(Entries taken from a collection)
==========
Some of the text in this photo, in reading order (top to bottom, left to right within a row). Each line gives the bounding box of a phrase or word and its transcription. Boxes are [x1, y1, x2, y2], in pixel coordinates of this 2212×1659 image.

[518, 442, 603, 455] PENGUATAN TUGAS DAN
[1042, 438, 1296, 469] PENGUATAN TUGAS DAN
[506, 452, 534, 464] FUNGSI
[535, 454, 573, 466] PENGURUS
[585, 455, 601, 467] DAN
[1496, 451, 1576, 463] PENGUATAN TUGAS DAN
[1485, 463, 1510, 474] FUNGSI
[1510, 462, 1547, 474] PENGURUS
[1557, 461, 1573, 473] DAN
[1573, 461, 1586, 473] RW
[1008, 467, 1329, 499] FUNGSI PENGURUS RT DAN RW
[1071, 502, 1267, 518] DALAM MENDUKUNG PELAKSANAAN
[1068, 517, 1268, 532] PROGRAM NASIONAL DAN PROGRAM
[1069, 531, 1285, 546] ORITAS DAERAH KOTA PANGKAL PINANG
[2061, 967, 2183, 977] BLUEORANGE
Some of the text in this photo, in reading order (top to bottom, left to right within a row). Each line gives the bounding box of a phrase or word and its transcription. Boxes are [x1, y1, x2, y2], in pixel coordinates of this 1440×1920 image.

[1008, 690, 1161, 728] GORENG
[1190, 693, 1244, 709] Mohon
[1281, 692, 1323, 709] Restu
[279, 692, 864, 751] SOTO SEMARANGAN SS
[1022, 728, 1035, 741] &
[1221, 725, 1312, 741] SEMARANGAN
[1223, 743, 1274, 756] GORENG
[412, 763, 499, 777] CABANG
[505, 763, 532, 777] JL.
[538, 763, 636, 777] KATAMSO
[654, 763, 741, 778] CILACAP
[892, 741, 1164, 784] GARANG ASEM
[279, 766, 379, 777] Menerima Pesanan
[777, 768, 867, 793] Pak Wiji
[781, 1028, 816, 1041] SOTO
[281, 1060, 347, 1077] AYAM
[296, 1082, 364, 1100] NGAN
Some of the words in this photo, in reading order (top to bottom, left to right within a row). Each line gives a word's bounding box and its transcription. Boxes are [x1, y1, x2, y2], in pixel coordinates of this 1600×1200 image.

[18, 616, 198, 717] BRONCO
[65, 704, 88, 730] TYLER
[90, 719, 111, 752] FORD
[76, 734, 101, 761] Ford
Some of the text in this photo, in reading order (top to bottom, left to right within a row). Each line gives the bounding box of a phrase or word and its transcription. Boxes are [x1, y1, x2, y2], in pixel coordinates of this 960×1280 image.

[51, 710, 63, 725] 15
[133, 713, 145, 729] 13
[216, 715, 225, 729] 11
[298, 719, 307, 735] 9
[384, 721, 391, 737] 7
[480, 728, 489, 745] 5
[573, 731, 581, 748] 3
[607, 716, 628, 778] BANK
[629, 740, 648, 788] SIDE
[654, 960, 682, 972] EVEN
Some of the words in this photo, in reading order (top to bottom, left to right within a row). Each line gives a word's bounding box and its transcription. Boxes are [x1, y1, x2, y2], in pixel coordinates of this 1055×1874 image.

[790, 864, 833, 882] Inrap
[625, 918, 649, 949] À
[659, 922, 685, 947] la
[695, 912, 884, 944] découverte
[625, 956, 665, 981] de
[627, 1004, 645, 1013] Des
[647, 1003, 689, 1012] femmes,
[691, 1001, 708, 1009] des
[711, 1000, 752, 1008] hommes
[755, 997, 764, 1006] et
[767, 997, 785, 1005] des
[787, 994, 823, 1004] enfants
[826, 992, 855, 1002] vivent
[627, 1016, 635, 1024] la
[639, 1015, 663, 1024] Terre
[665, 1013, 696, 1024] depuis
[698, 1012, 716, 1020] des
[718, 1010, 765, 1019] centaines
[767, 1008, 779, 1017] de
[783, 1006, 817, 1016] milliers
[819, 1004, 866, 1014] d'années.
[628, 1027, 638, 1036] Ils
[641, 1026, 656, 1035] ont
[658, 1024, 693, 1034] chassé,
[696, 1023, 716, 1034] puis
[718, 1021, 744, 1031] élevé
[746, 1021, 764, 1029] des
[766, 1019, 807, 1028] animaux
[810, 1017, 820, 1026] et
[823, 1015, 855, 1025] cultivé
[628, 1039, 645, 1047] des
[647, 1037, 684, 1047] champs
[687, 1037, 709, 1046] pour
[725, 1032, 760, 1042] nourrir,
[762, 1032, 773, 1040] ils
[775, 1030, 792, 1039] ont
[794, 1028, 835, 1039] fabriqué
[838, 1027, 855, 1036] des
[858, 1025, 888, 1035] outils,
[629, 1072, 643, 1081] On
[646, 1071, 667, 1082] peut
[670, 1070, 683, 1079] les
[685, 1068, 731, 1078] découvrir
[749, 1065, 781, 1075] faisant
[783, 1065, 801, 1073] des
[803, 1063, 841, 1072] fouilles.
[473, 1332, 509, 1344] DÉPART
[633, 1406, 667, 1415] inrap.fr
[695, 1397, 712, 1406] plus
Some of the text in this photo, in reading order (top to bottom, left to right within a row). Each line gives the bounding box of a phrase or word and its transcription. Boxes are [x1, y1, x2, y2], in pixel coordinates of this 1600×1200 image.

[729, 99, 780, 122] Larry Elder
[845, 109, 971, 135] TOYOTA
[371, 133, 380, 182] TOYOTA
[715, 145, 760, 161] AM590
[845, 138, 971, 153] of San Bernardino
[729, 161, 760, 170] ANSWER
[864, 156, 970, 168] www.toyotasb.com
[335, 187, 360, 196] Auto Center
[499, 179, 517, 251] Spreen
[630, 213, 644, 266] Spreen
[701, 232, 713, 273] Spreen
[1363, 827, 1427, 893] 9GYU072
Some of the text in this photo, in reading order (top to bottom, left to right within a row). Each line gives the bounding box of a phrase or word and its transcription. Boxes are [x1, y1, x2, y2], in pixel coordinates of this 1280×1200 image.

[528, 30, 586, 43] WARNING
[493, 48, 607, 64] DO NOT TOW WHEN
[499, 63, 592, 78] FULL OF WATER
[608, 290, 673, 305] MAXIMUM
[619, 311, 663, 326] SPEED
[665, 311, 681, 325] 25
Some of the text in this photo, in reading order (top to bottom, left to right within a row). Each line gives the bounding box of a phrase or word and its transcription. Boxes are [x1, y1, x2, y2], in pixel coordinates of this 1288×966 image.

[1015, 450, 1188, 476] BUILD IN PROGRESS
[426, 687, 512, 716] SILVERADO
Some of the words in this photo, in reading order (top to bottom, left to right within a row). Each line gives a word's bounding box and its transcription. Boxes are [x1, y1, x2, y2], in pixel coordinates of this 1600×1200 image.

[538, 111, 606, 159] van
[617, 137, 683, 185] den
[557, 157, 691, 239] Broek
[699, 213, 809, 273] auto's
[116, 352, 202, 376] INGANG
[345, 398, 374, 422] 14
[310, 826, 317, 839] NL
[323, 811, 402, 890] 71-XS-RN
==========
§ To do
Every single line of the data above must be set down again exactly.

§ Solved exercise
Some of the text in this photo, in reading order (top to bottom, left to right within a row). Each line gives the bounding box of a phrase or word and its transcription. Boxes are [x1, y1, x2, y2], in pixel coordinates of this 2212×1659 image.

[518, 442, 603, 455] PENGUATAN TUGAS DAN
[1042, 438, 1296, 469] PENGUATAN TUGAS DAN
[506, 452, 534, 464] FUNGSI
[535, 454, 573, 466] PENGURUS
[585, 455, 601, 467] DAN
[1496, 451, 1576, 463] PENGUATAN TUGAS DAN
[1485, 463, 1510, 474] FUNGSI
[1510, 462, 1547, 474] PENGURUS
[1557, 461, 1573, 473] DAN
[1573, 461, 1586, 473] RW
[1008, 467, 1329, 499] FUNGSI PENGURUS RT DAN RW
[1071, 502, 1267, 518] DALAM MENDUKUNG PELAKSANAAN
[1068, 517, 1268, 532] PROGRAM NASIONAL DAN PROGRAM
[1069, 531, 1285, 546] ORITAS DAERAH KOTA PANGKAL PINANG
[2061, 967, 2183, 977] BLUEORANGE
Some of the text in this photo, in reading order (top to bottom, left to right within a row). Each line gives the bounding box of a phrase or word and its transcription. Boxes are [x1, y1, x2, y2], in pixel coordinates of this 1440×1920 image.

[1008, 690, 1161, 728] GORENG
[1190, 693, 1244, 709] Mohon
[1281, 692, 1323, 709] Restu
[279, 692, 864, 751] SOTO SEMARANGAN SS
[1022, 728, 1035, 741] &
[1221, 725, 1312, 741] SEMARANGAN
[1223, 743, 1274, 756] GORENG
[412, 763, 499, 777] CABANG
[505, 763, 532, 777] JL.
[538, 763, 636, 777] KATAMSO
[654, 763, 741, 778] CILACAP
[892, 741, 1164, 784] GARANG ASEM
[279, 766, 379, 777] Menerima Pesanan
[777, 768, 867, 793] Pak Wiji
[781, 1028, 816, 1041] SOTO
[281, 1060, 347, 1077] AYAM
[296, 1082, 364, 1100] NGAN
Some of the words in this photo, in reading order (top to bottom, left to right within a row). Each line gives a word's bounding box and its transcription. Boxes are [x1, y1, x2, y2], in pixel coordinates of this 1600×1200 image.

[18, 616, 198, 717] BRONCO
[65, 704, 88, 730] TYLER
[90, 719, 111, 752] FORD
[76, 734, 101, 761] Ford
Some of the text in this photo, in reading order (top to bottom, left to right within a row). Each line gives the bounding box of a phrase or word and its transcription. Boxes are [x1, y1, x2, y2], in pixel coordinates of this 960×1280 image.

[51, 710, 63, 725] 15
[133, 713, 145, 729] 13
[216, 715, 225, 729] 11
[298, 719, 307, 735] 9
[384, 721, 391, 737] 7
[480, 728, 489, 745] 5
[573, 731, 581, 748] 3
[607, 716, 628, 778] BANK
[629, 740, 648, 788] SIDE
[654, 960, 682, 972] EVEN
Some of the words in this photo, in reading order (top to bottom, left to right within a row). Each line gives a word's bounding box and its transcription. Boxes are [x1, y1, x2, y2], in pixel coordinates of this 1055×1874 image.

[790, 864, 833, 882] Inrap
[625, 918, 649, 949] À
[659, 922, 685, 947] la
[695, 912, 884, 944] découverte
[625, 956, 665, 981] de
[627, 1004, 645, 1013] Des
[647, 1003, 689, 1012] femmes,
[691, 1001, 708, 1009] des
[711, 1000, 752, 1008] hommes
[755, 997, 764, 1006] et
[767, 997, 785, 1005] des
[787, 994, 823, 1004] enfants
[826, 992, 855, 1002] vivent
[627, 1016, 635, 1024] la
[639, 1015, 663, 1024] Terre
[665, 1013, 696, 1024] depuis
[698, 1012, 716, 1020] des
[718, 1010, 765, 1019] centaines
[767, 1008, 779, 1017] de
[783, 1006, 817, 1016] milliers
[819, 1004, 866, 1014] d'années.
[628, 1027, 638, 1036] Ils
[641, 1026, 656, 1035] ont
[658, 1024, 693, 1034] chassé,
[696, 1023, 716, 1034] puis
[718, 1021, 744, 1031] élevé
[746, 1021, 764, 1029] des
[766, 1019, 807, 1028] animaux
[810, 1017, 820, 1026] et
[823, 1015, 855, 1025] cultivé
[628, 1039, 645, 1047] des
[647, 1037, 684, 1047] champs
[687, 1037, 709, 1046] pour
[725, 1032, 760, 1042] nourrir,
[762, 1032, 773, 1040] ils
[775, 1030, 792, 1039] ont
[794, 1028, 835, 1039] fabriqué
[838, 1027, 855, 1036] des
[858, 1025, 888, 1035] outils,
[629, 1072, 643, 1081] On
[646, 1071, 667, 1082] peut
[670, 1070, 683, 1079] les
[685, 1068, 731, 1078] découvrir
[749, 1065, 781, 1075] faisant
[783, 1065, 801, 1073] des
[803, 1063, 841, 1072] fouilles.
[473, 1332, 509, 1344] DÉPART
[633, 1406, 667, 1415] inrap.fr
[695, 1397, 712, 1406] plus
Some of the text in this photo, in reading order (top to bottom, left to right within a row). Each line gives the bounding box of a phrase or word and its transcription. Boxes are [x1, y1, x2, y2], in pixel coordinates of this 1600×1200 image.

[729, 99, 780, 122] Larry Elder
[845, 109, 971, 135] TOYOTA
[371, 133, 380, 182] TOYOTA
[715, 145, 760, 161] AM590
[845, 138, 971, 153] of San Bernardino
[729, 161, 760, 170] ANSWER
[864, 156, 970, 168] www.toyotasb.com
[335, 187, 360, 196] Auto Center
[499, 179, 517, 251] Spreen
[630, 213, 644, 266] Spreen
[701, 232, 713, 273] Spreen
[1363, 827, 1427, 893] 9GYU072
Some of the text in this photo, in reading order (top to bottom, left to right within a row). Each line gives the bounding box of a phrase or word and its transcription. Boxes are [x1, y1, x2, y2], in pixel coordinates of this 1280×1200 image.

[528, 30, 586, 43] WARNING
[493, 48, 607, 64] DO NOT TOW WHEN
[499, 63, 592, 78] FULL OF WATER
[608, 290, 673, 305] MAXIMUM
[619, 311, 663, 326] SPEED
[665, 311, 681, 325] 25
Some of the text in this photo, in reading order (top to bottom, left to right within a row). Each line gives the bounding box of a phrase or word and its transcription. Boxes are [x1, y1, x2, y2], in pixel coordinates of this 1288×966 image.

[1015, 450, 1188, 476] BUILD IN PROGRESS
[426, 687, 512, 716] SILVERADO
Some of the words in this photo, in reading order (top to bottom, left to right within a row). Each line gives a word's bounding box and its transcription. Boxes are [x1, y1, x2, y2], in pixel coordinates of this 1600×1200 image.

[538, 111, 606, 159] van
[617, 137, 683, 185] den
[557, 157, 691, 239] Broek
[699, 213, 809, 273] auto's
[116, 352, 202, 376] INGANG
[345, 398, 374, 422] 14
[310, 826, 317, 839] NL
[323, 811, 402, 890] 71-XS-RN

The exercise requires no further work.